Simon der Aussätzige wohnte in Bethanien, einem Dorf, vielleicht eine Stunde entfernt von Jerusalem. Er hatte Jesus und seine Jünger zum Abendessen eingeladen

Man sitzt beieinander, entspannt sich nach einem langen Tag  

und auf einmal platzt eine fremde Frau in die Männergesellschaft und macht Ärger.

In der Hand hält sie ein Glasfläschchen mit Deckel. (zeigen)

Es ist gefüllt mit einem sehr teuren Parfüm.

Nun öffnet sie dieses Glas nicht etwa vorsichtig, um ein paar Tropfen zu verspritzen –

Nein, sie tritt neben Jesus und bricht den Hals ab und gießt den ganzen Inhalt Jesus über den Kopf. Schlagartig erfüllt ein betäubender Duft das ganze Haus.

Wir hatten vor ein paar Jahren einen Marketingleiter aus der Kosmetikbranche in der Gemeinde. Mit dem habe ich über diese Geschichte gesprochen und das war hoch interessant.

Ich hab ihn gefragt, ob wir das nachstellen könnten und er hat abgeraten:

Wenn wir so einen ganzen Flacon mit Parfum so einfach ausgießen würden, dann würde vermutlich einigen schlecht werden. So ein Duft ist einfach zu konzentriert.

Er hat mir dann ein Parfum besorgt und wir verteilen jetzt etwas dezenter einen Duft.

Helfer verteilen den Duft

Was für eine Verschwendung! Das schoss den meisten durch den Kopf - damals.

Heute auch? Im Stillen hab ich schon gedacht:

Na, vielleicht bleibt heute was übrig – dann hat man später noch was davon.

Parfüm war schon immer ein Luxus. Nur was für die Reichen und Schönen.

Die Frau leistete sich Narde – das wurde aus einer Wurzel gewonnen, die nur im Himalaja wächst – einem Gebirge in Nordindien. Tausende von Kilometern entfernt von Israel.
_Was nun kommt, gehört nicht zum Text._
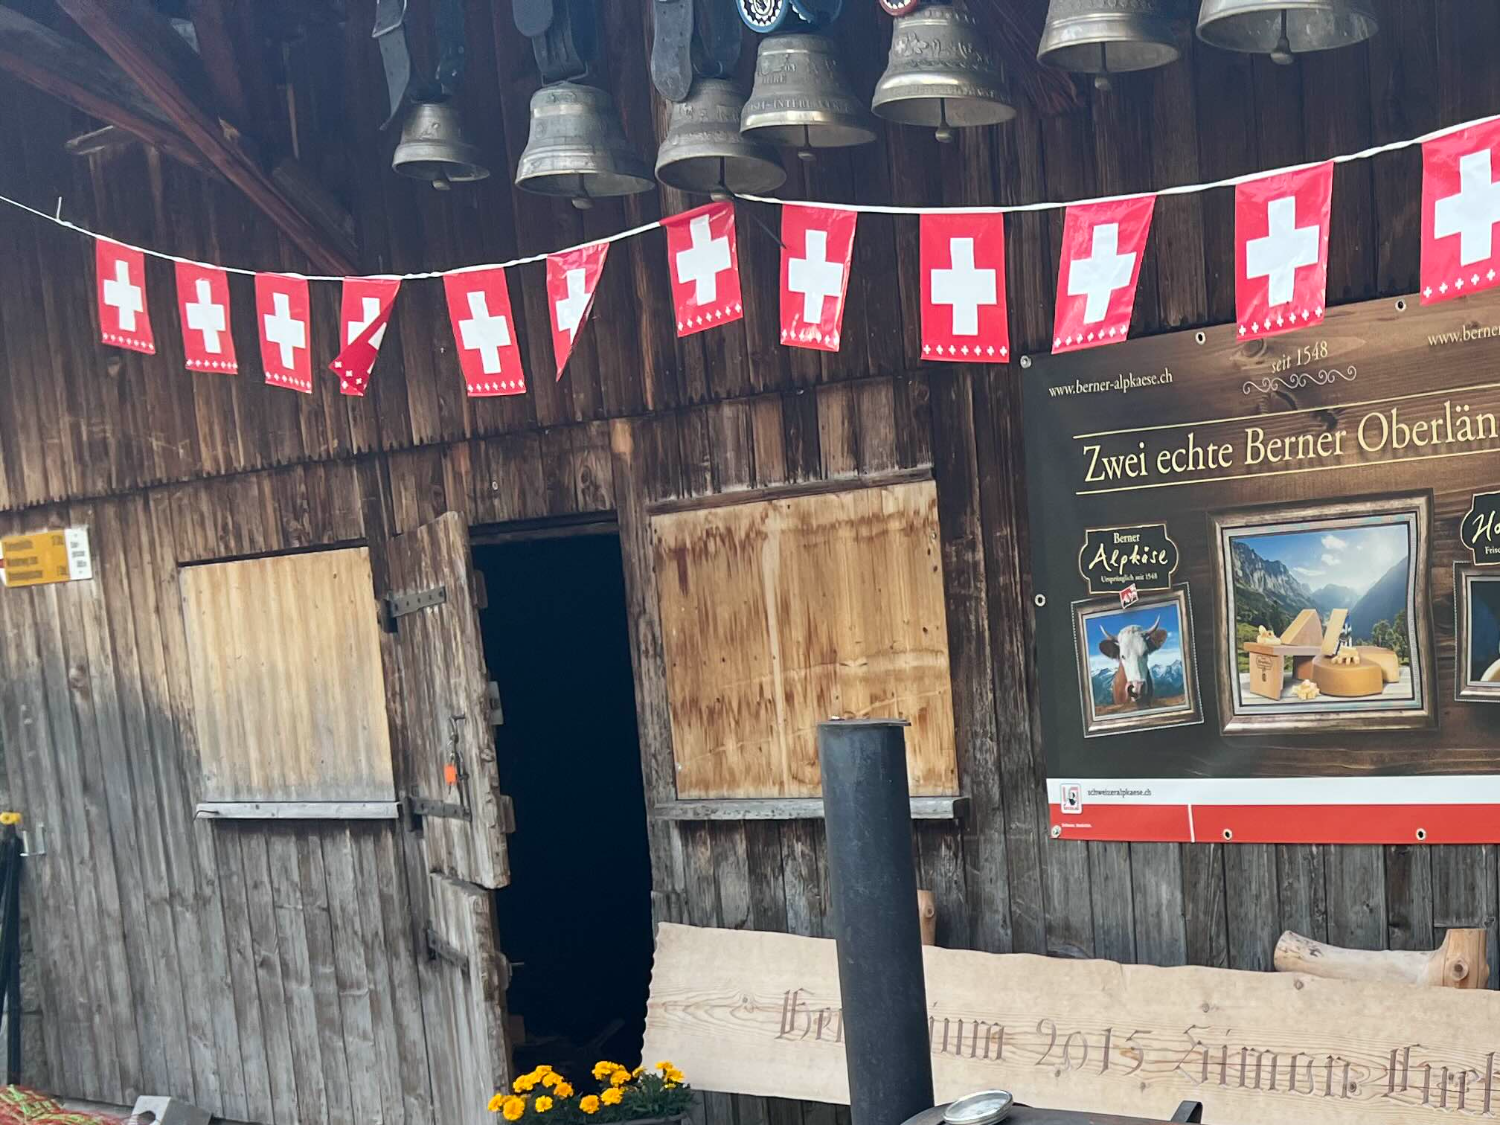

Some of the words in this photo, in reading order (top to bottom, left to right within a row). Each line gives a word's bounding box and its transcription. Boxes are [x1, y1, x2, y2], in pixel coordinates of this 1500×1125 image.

[1271, 355, 1291, 374] seit
[1296, 341, 1328, 366] 1548
[1049, 368, 1173, 397] www.berner-alpkaese.ch
[1083, 442, 1148, 482] Zwei
[1156, 432, 1233, 473] echte
[1244, 426, 1347, 466] Berner
[1113, 532, 1140, 544] Berner
[1088, 543, 1168, 575] Alpkäse
[1036, 1016, 1153, 1077] 2015
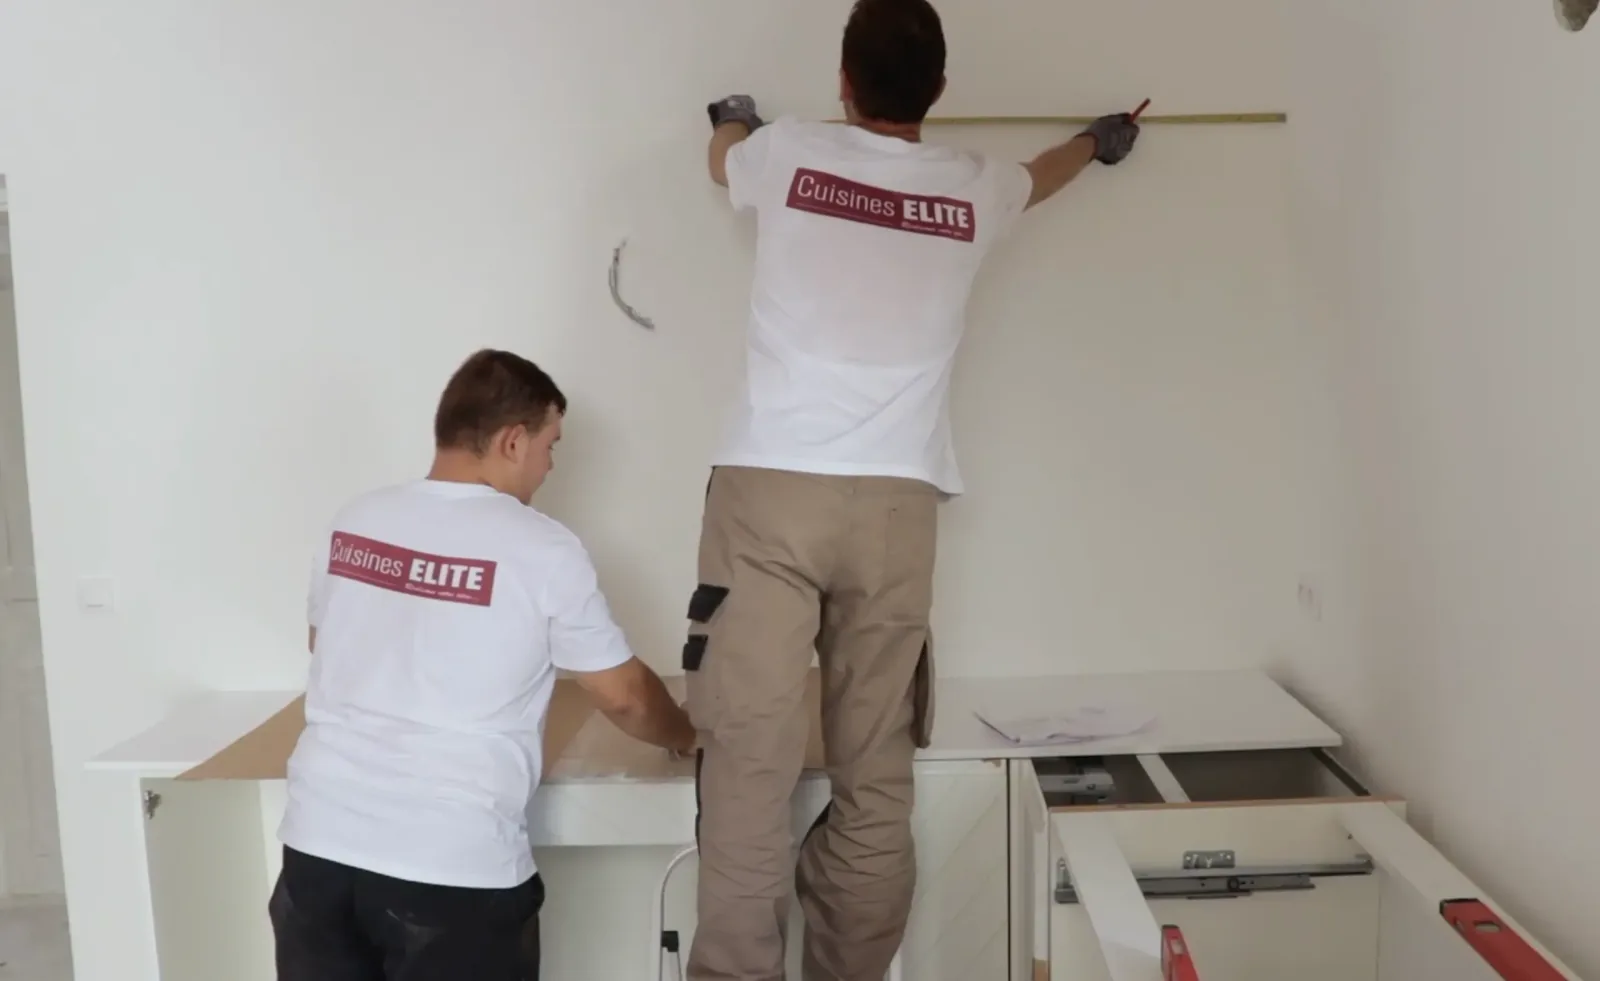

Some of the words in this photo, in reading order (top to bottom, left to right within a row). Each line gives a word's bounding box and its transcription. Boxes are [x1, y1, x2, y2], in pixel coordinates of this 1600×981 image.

[797, 174, 896, 217] Cuisines
[903, 199, 970, 228] ELITE
[331, 538, 404, 577] Cuisines
[408, 558, 485, 591] ELITE
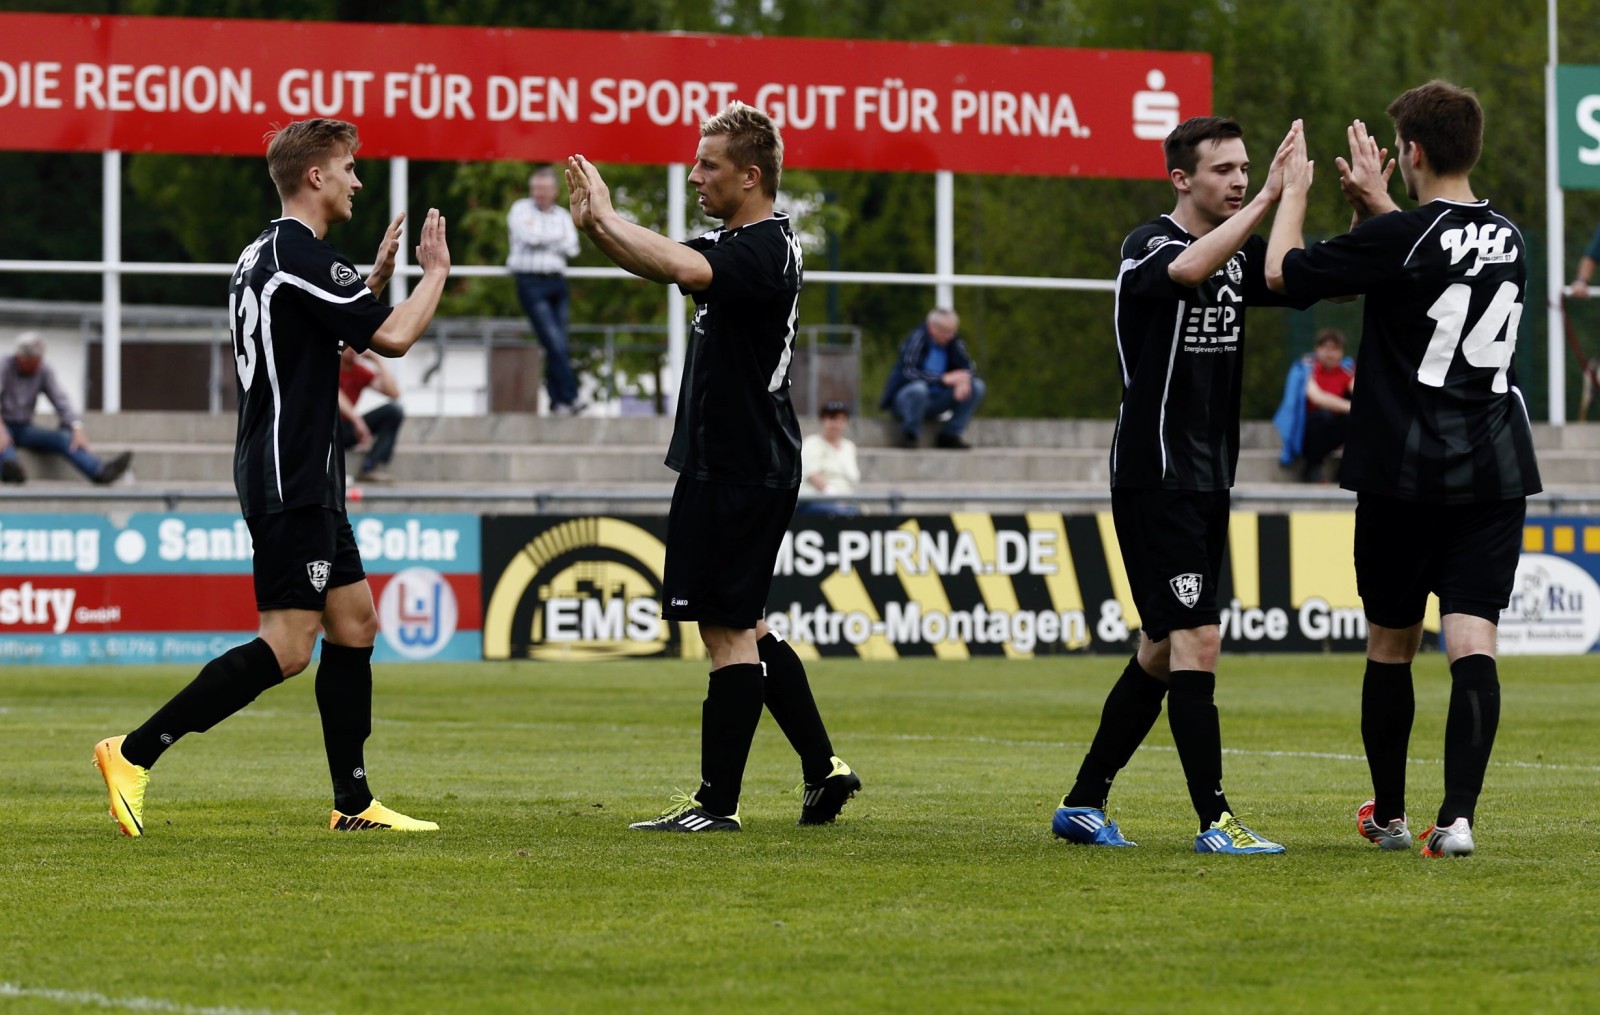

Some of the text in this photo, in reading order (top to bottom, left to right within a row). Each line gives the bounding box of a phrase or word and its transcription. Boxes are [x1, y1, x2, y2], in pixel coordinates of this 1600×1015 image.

[0, 61, 62, 108] DIE
[75, 63, 265, 115] REGION.
[278, 69, 374, 117] GUT
[385, 64, 474, 120] FÜR
[488, 76, 578, 122] DEN
[755, 83, 845, 130] GUT
[855, 78, 941, 133] FÜR
[952, 90, 1091, 138] PIRNA.
[1417, 280, 1523, 394] 14
[158, 517, 254, 561] Sani
[357, 518, 460, 561] Solar
[0, 581, 121, 634] stry GmbH
[545, 597, 661, 642] EMS
[1097, 598, 1129, 642] &
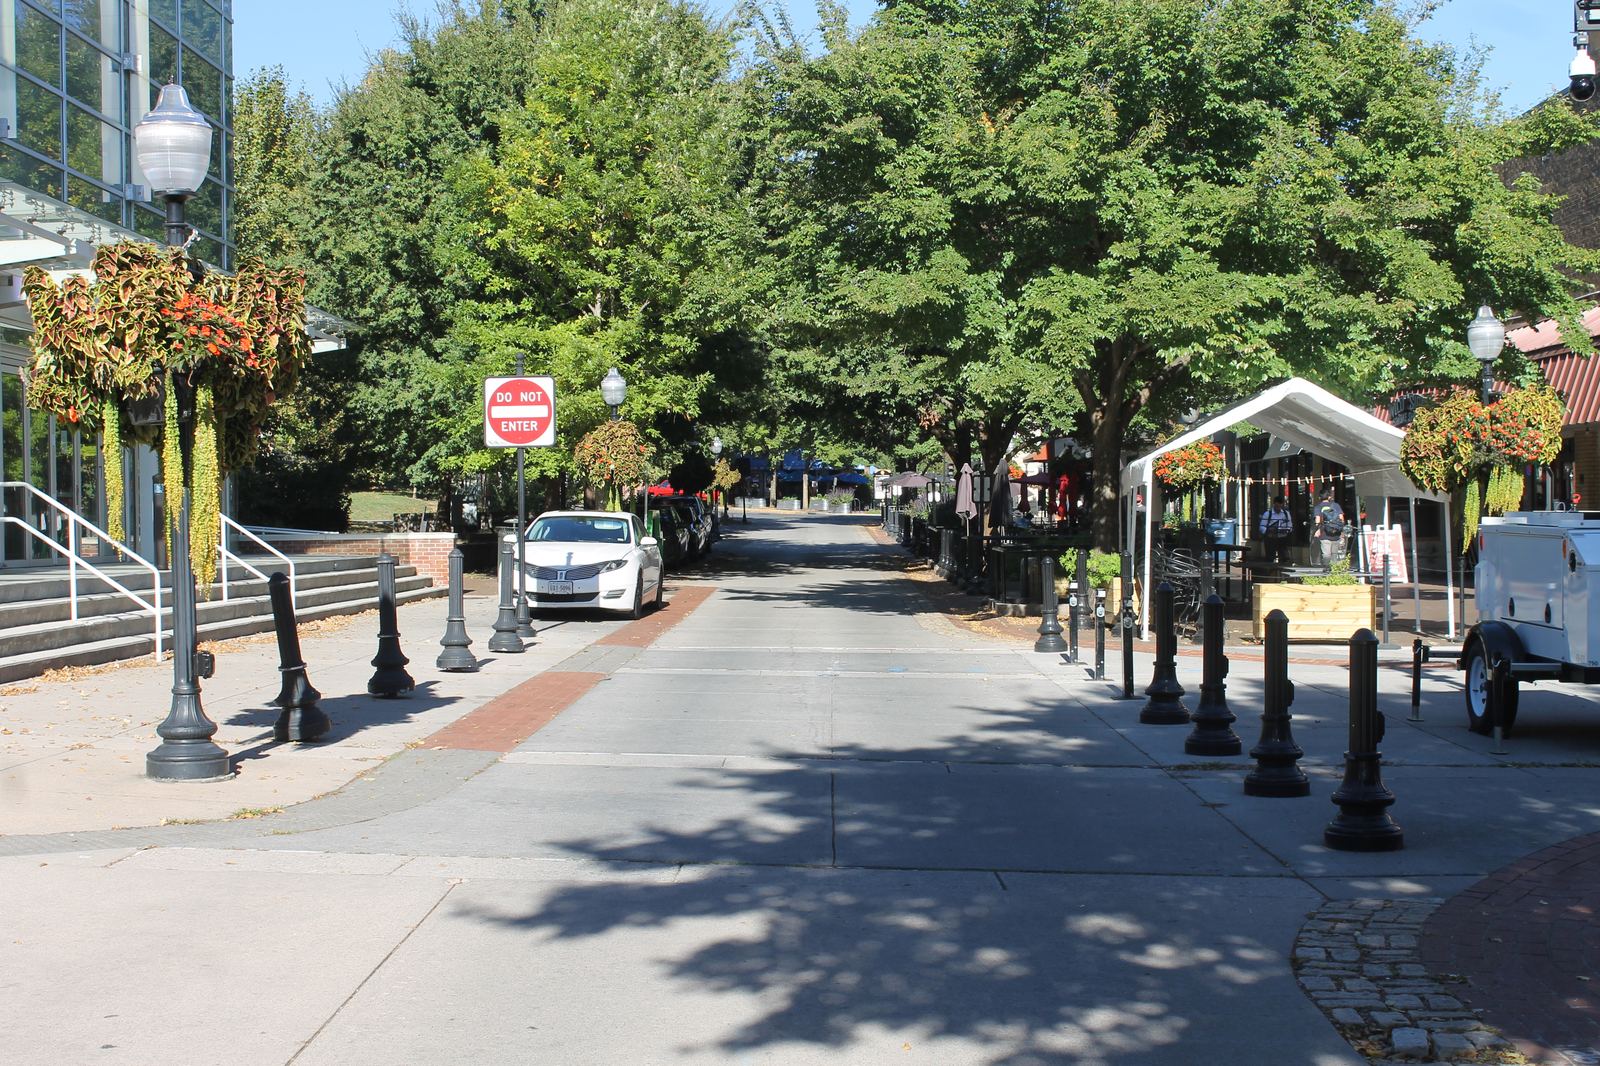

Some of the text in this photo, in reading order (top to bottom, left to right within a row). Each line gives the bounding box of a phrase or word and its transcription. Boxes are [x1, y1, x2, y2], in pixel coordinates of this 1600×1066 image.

300 Silberstücke war der geschätzte Preis. Das ist so viel, wie ein Arbeiter im ganzen Jahr verdienen konnte. Nach heutiger Kaufkraft geschätzte 20.000,-- - 30.000,-- €

Und das einfach so ausgeschüttet – für einen Moment, der verfliegt.

Das ist so, als wenn man sich mit einem 500,-- Schein die Zigarre anzündet, oder?

Wahnsinn! Was hätte man mit dem Geld nicht alles tun können!

Für vernünftig rechnende Christenmenschen ist dies eine ärgerliche Geschichte.

Auch die Jünger reagieren so – und sagten das auch sehr deutlich.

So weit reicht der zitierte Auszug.